ABD Başkanı George W. Bush tarafından Irak'ın işgalini içeren eylem planının metni okunduğunda bunun gerçek bir demokratikleşme olmayacağı hemen anlaşılmıştır. Zira birçok konu yanında projede laiklikten tek kelimeyle bile söz edilmemiştir. Bu vesileyle yapılan yayınlar, bazı çevreler tarafından basına verilen haritalar ve üst düzey yetkililerin söylemleri Amerika'nın gerçek niyetleri hakkında kuşkular uyandırmıştır. Türk basınında ve kamuoyunda da bu eylem planı kuşkuyla karşılanmış ve çok eleştirilmiştir (Öymen, 2012, ss.18-19).
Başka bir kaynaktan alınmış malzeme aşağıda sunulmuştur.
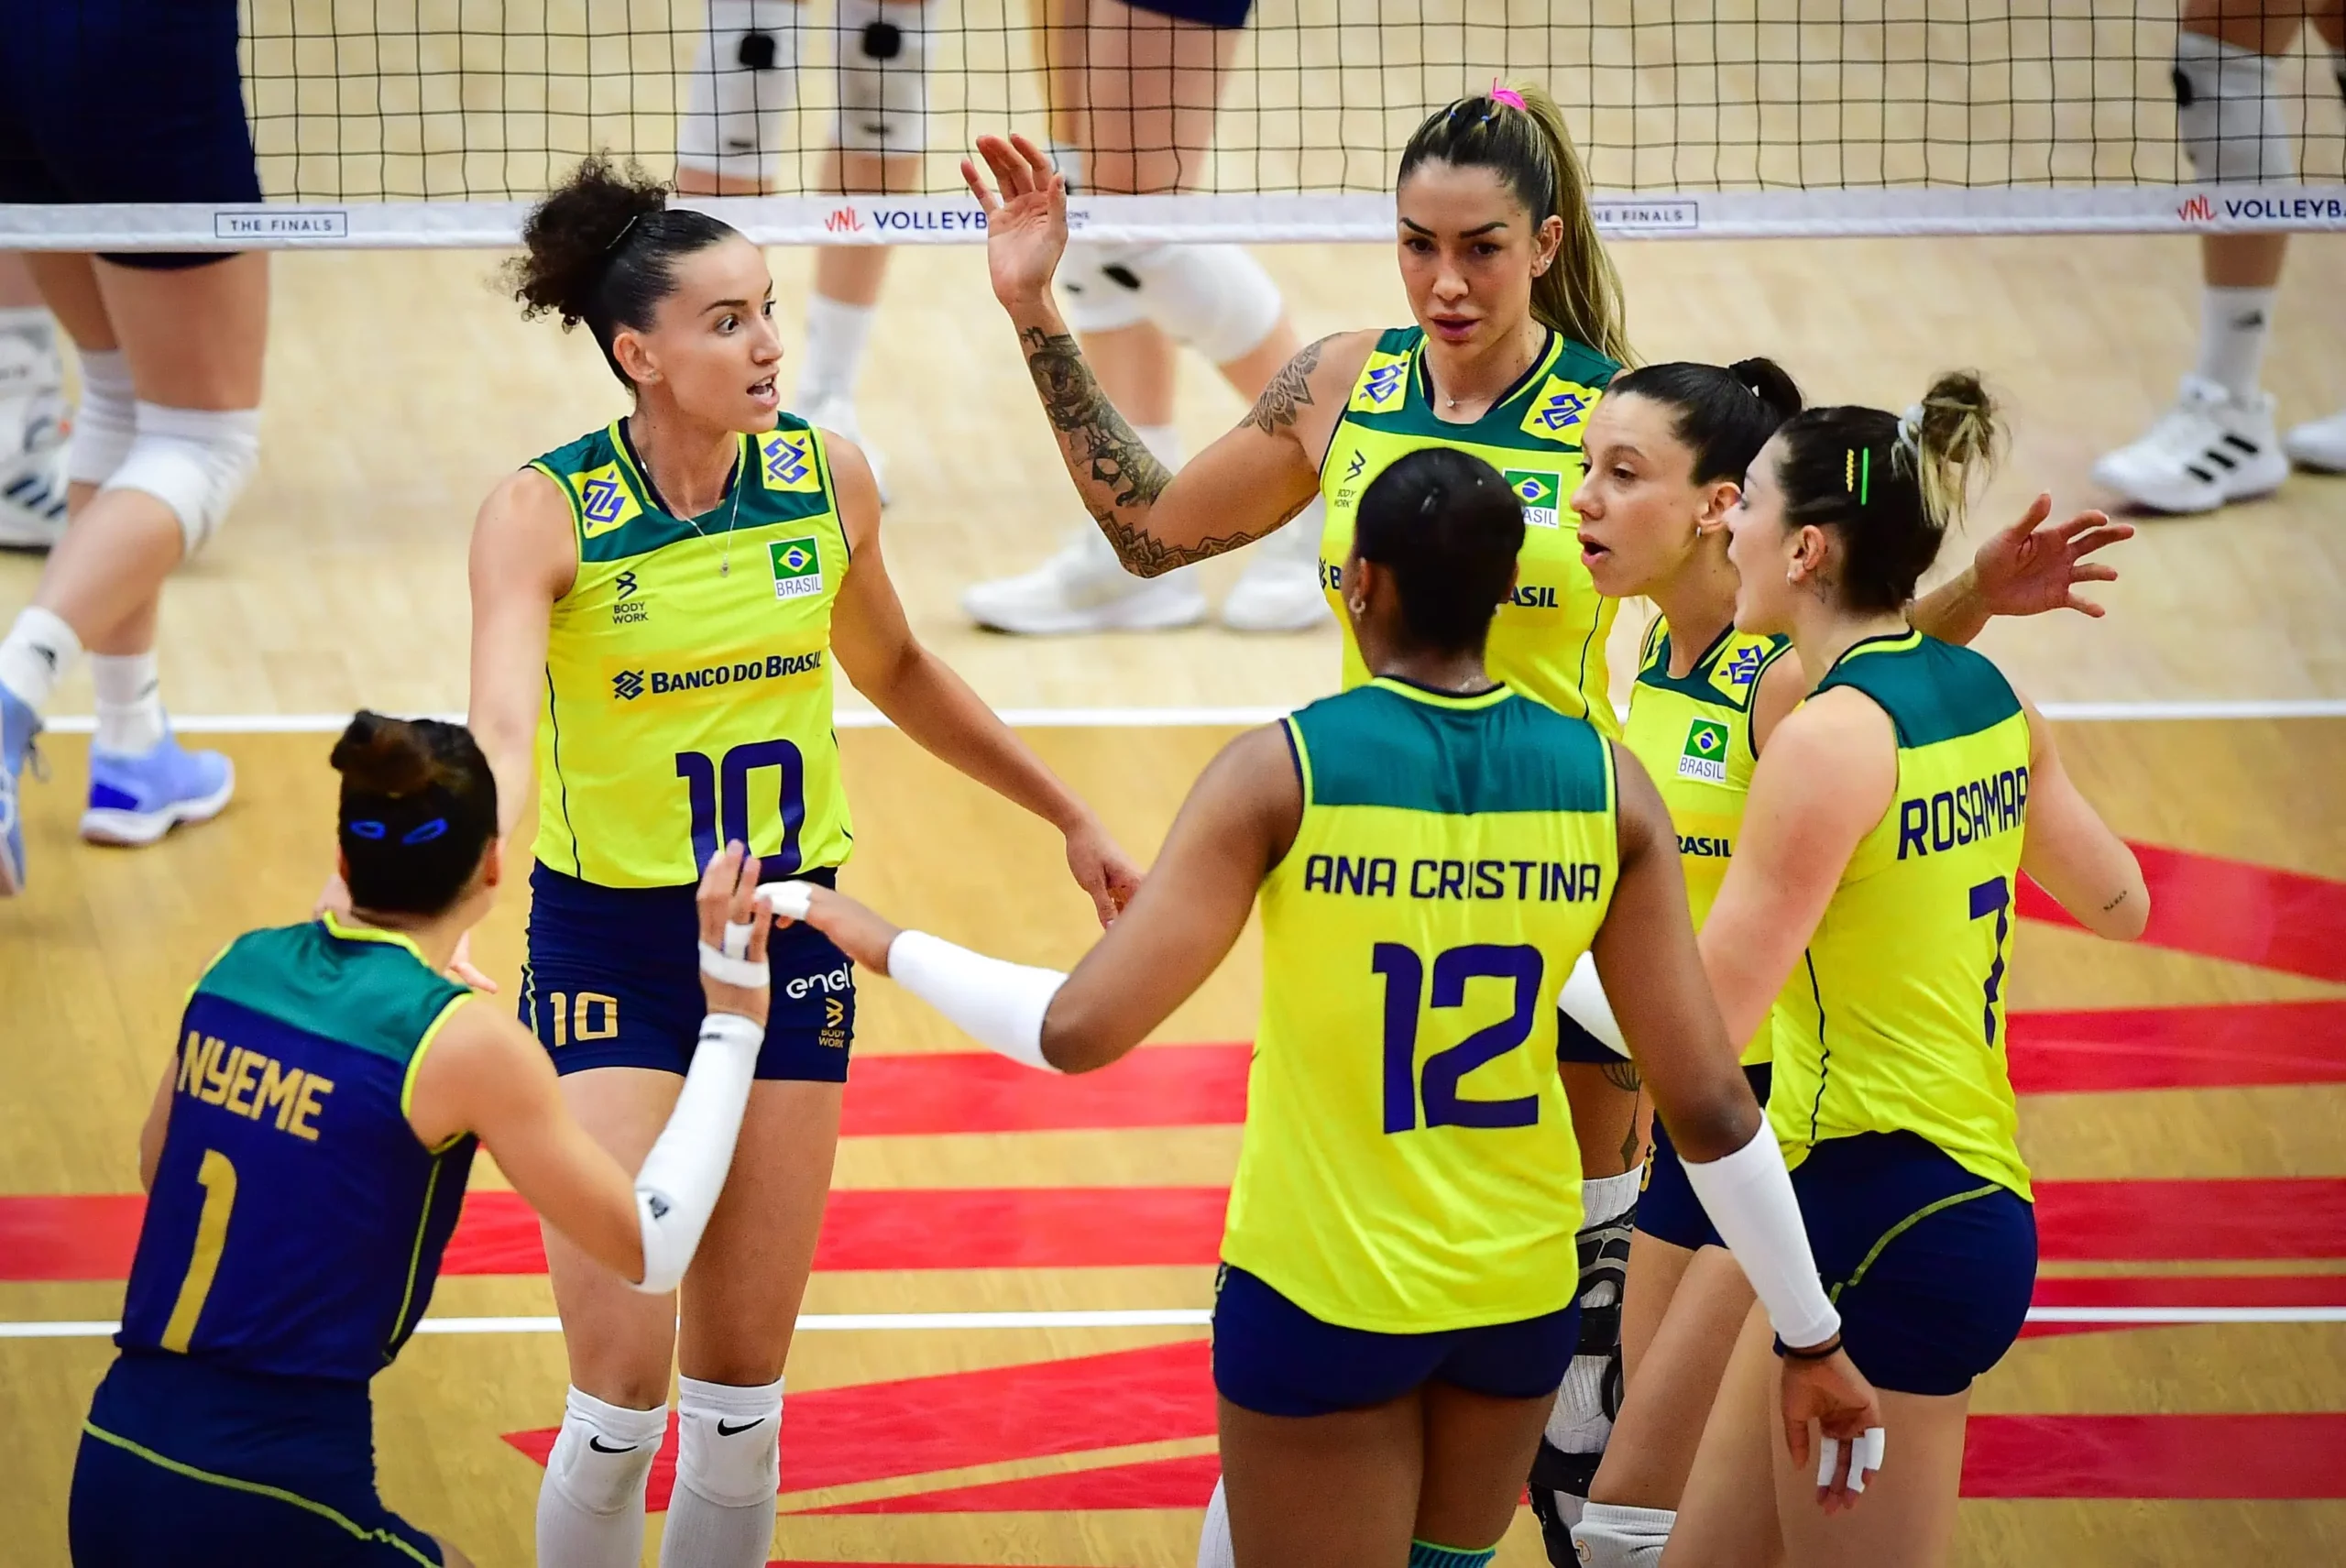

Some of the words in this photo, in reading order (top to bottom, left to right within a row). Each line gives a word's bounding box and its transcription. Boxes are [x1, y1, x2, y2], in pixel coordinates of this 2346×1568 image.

Eski bir ABD deniz komandosu Kenneth O'Keefe konuyla ilgili olarak şunları belirtmiştir: (akt. Aydın).

Ortadoğu politikasının aslında ne olduğunu gerçekten anlamak istiyorsanız, Oded Yinon'un "1980'lerde İsrail'in Stratejisi"ni okumamız gerektiğini savunuyorum. Bu belgelerdekiler, şimdiye kadar harfiyen gerçekleşti. Uzun yıllardır İsrail'in ciddi hedefleri vardı. İsrail'in temel hedefleri, "Büyük İsrail Projesi" doğrultusunda genişlemek ve büyümekti. Bunun için genişlemesini meşrulaştıracak bir mazerete ihtiyacı vardı. Bunun için de bölgede mezhepçi nefret ve şiddetin tohumlarını ekmesi gerekirdi. Bu planın bir numaralı hedefi Irak'tı, bunu başardık, hayır Irak başarısızlık değil, aslına bakılırsa bir başarıdır. Irak büyük ölçüde batmış bir devlettir, mutlak suretle bunalımdadır. Mezhepçi nefret tamamen kontrolden çıkmış durumda (2019).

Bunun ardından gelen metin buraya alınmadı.